"The content may change, but the concept remains the same. The meaning of the statutory language remains unaltered."
The case before the court involved Borislav Misic, who was appealing against his conviction on three counts of fraudulently using a computer program to make more than 88,000 minutes of international phonecalls worth $85,000 to $166,000.
The hacking technique is known as phone phreaking or blue boxing.
Misic was sentenced in July 1999 to 12 months' imprisonment suspended for two years and six months' periodic detention.
His appeal raised the question of whether a computer program and a computer disk on which the program was stored comprised a "document" as defined in Section 229A of the Crimes Act.
Fraud charges are defined in terms of both obtaining a document for "pecuniary benefit" and using a document with intent to defraud.
In Misic's case, the trial judge had ruled that the blue-boxing program downloaded from the internet and the disk it was stored on were documents.
The Appeal Court agreed and dismissed the appeal: "Essentially, a document is a thing which provides evidence or information or serves as a record.
"The fact that developments in technology may improve the way in which evidence or information is provided or a record is kept does not change the fundamental purpose of that technology, nor a conceptual appreciation of that function."
In the court's view, a piece of papyrus, a page of parchment, a copper plate or a tablet of clay containing information are all documents, regardless of whether "the method of notation were English, Morse code or binary symbols."

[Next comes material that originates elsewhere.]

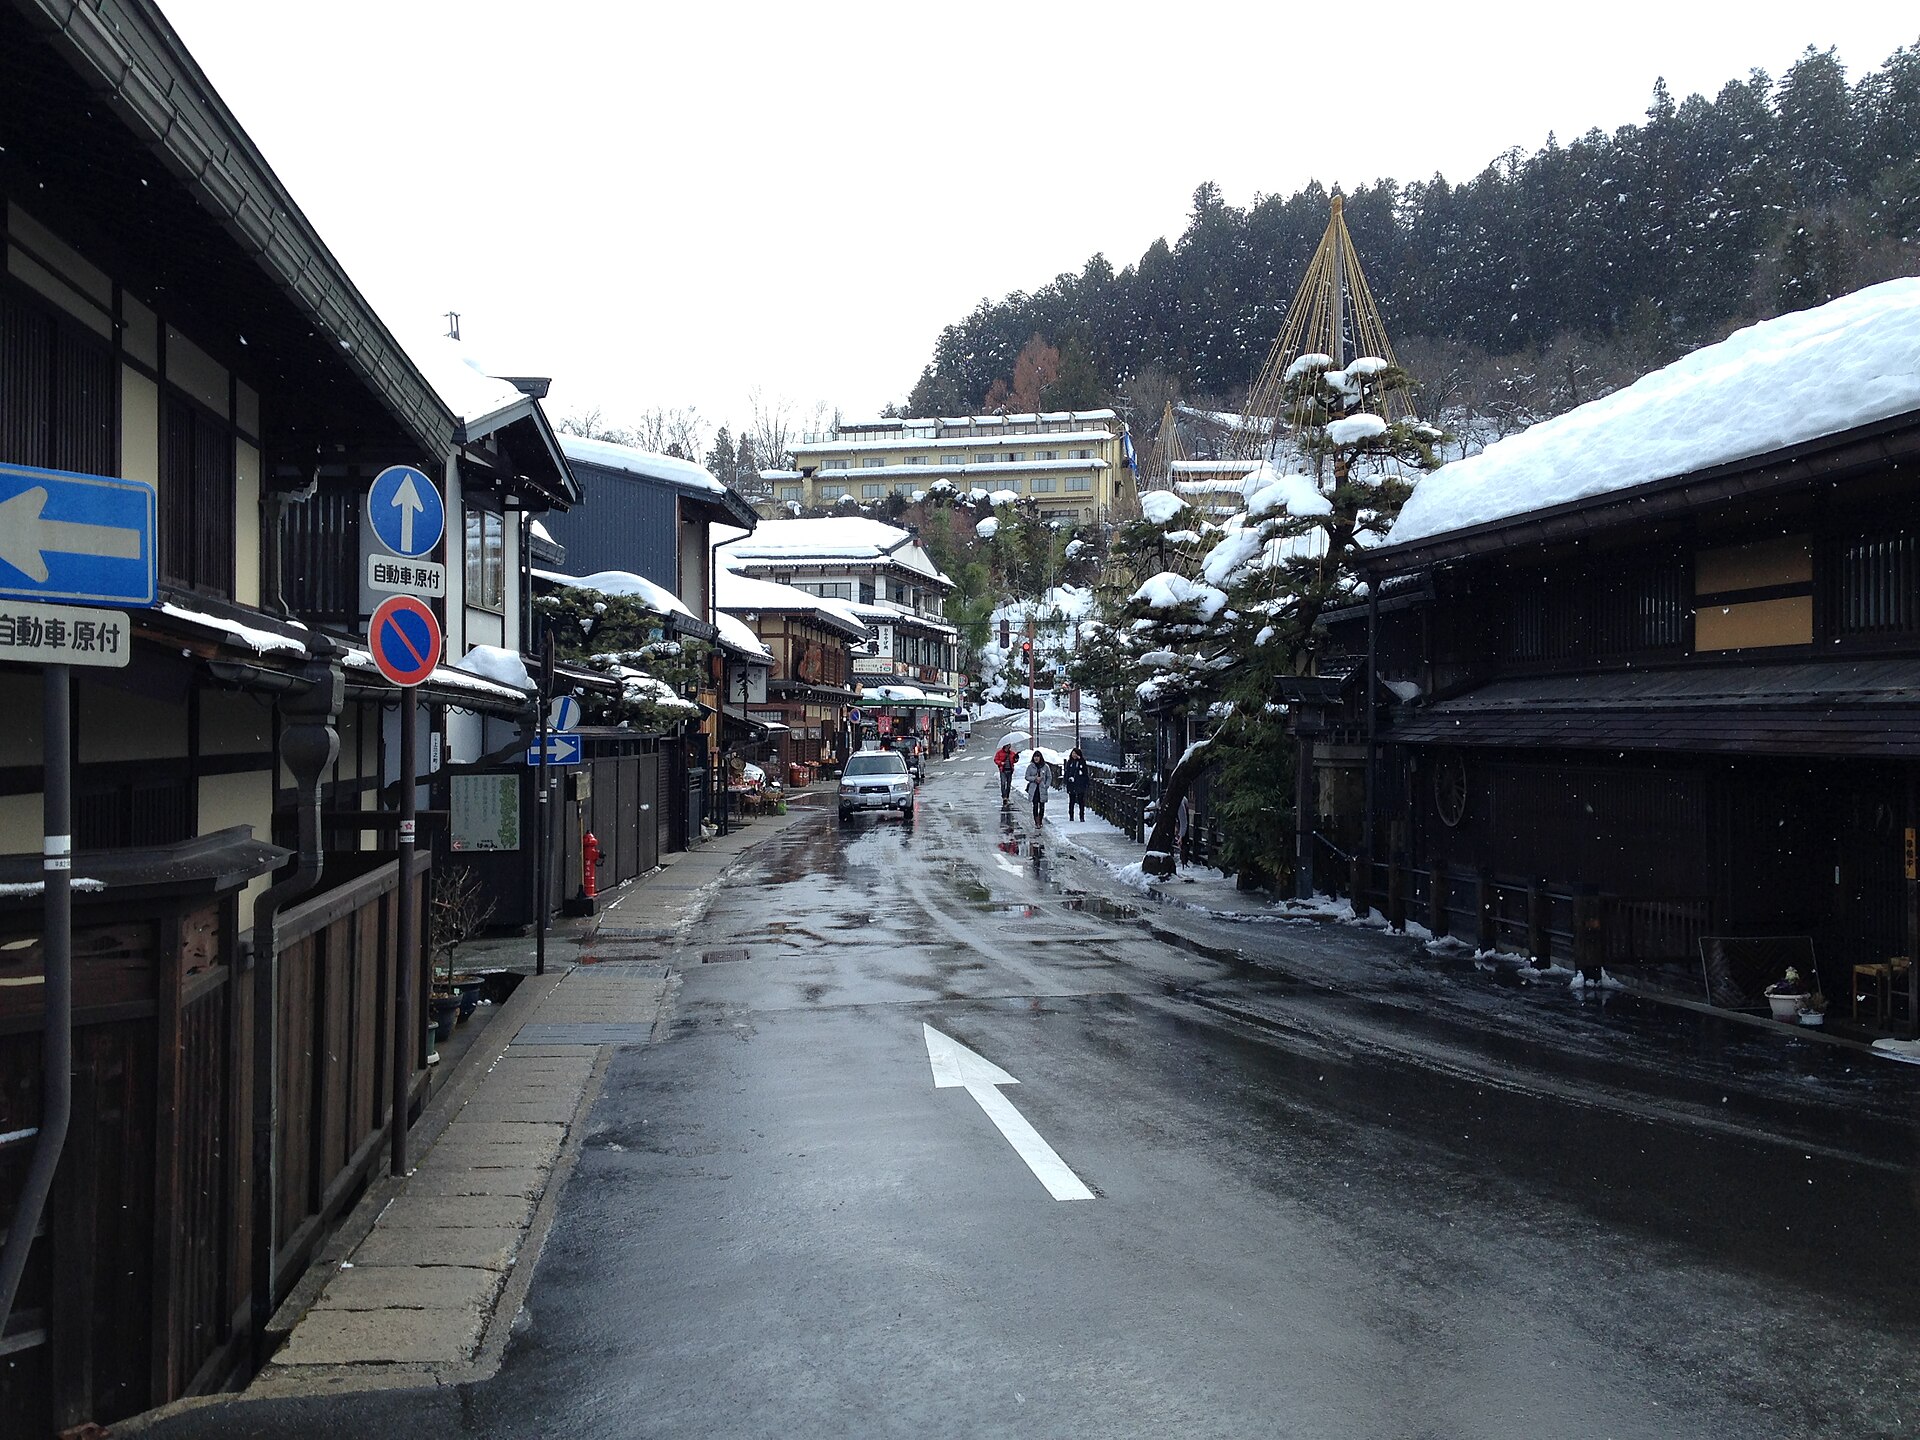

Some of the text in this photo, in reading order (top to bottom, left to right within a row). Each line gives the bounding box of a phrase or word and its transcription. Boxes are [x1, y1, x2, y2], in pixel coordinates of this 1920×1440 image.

[374, 562, 440, 590] 自動車・原付
[1058, 666, 1065, 674] P

All, regardless of the medium, are documents because the defining feature is whether "there is a material record of information."
In the same way, the court says, a computer program and disk are documents because they "record and provide information."
But the judgment appears to leave a tiny possibility for future argument on the grounds that it contains little relating to the technology of the process Misic used.
The Crimes Amendment Act now before the select committee introduces a number of new offences related to using a computer for a dishonest purpose - intended to cover fraud and forgery using a computer, but also to close a loophole that under certain circumstances permitted theft by electronic transfer of funds.
It also introduces an offence of unauthorised access - specifically to cover electronic trespass or hacking.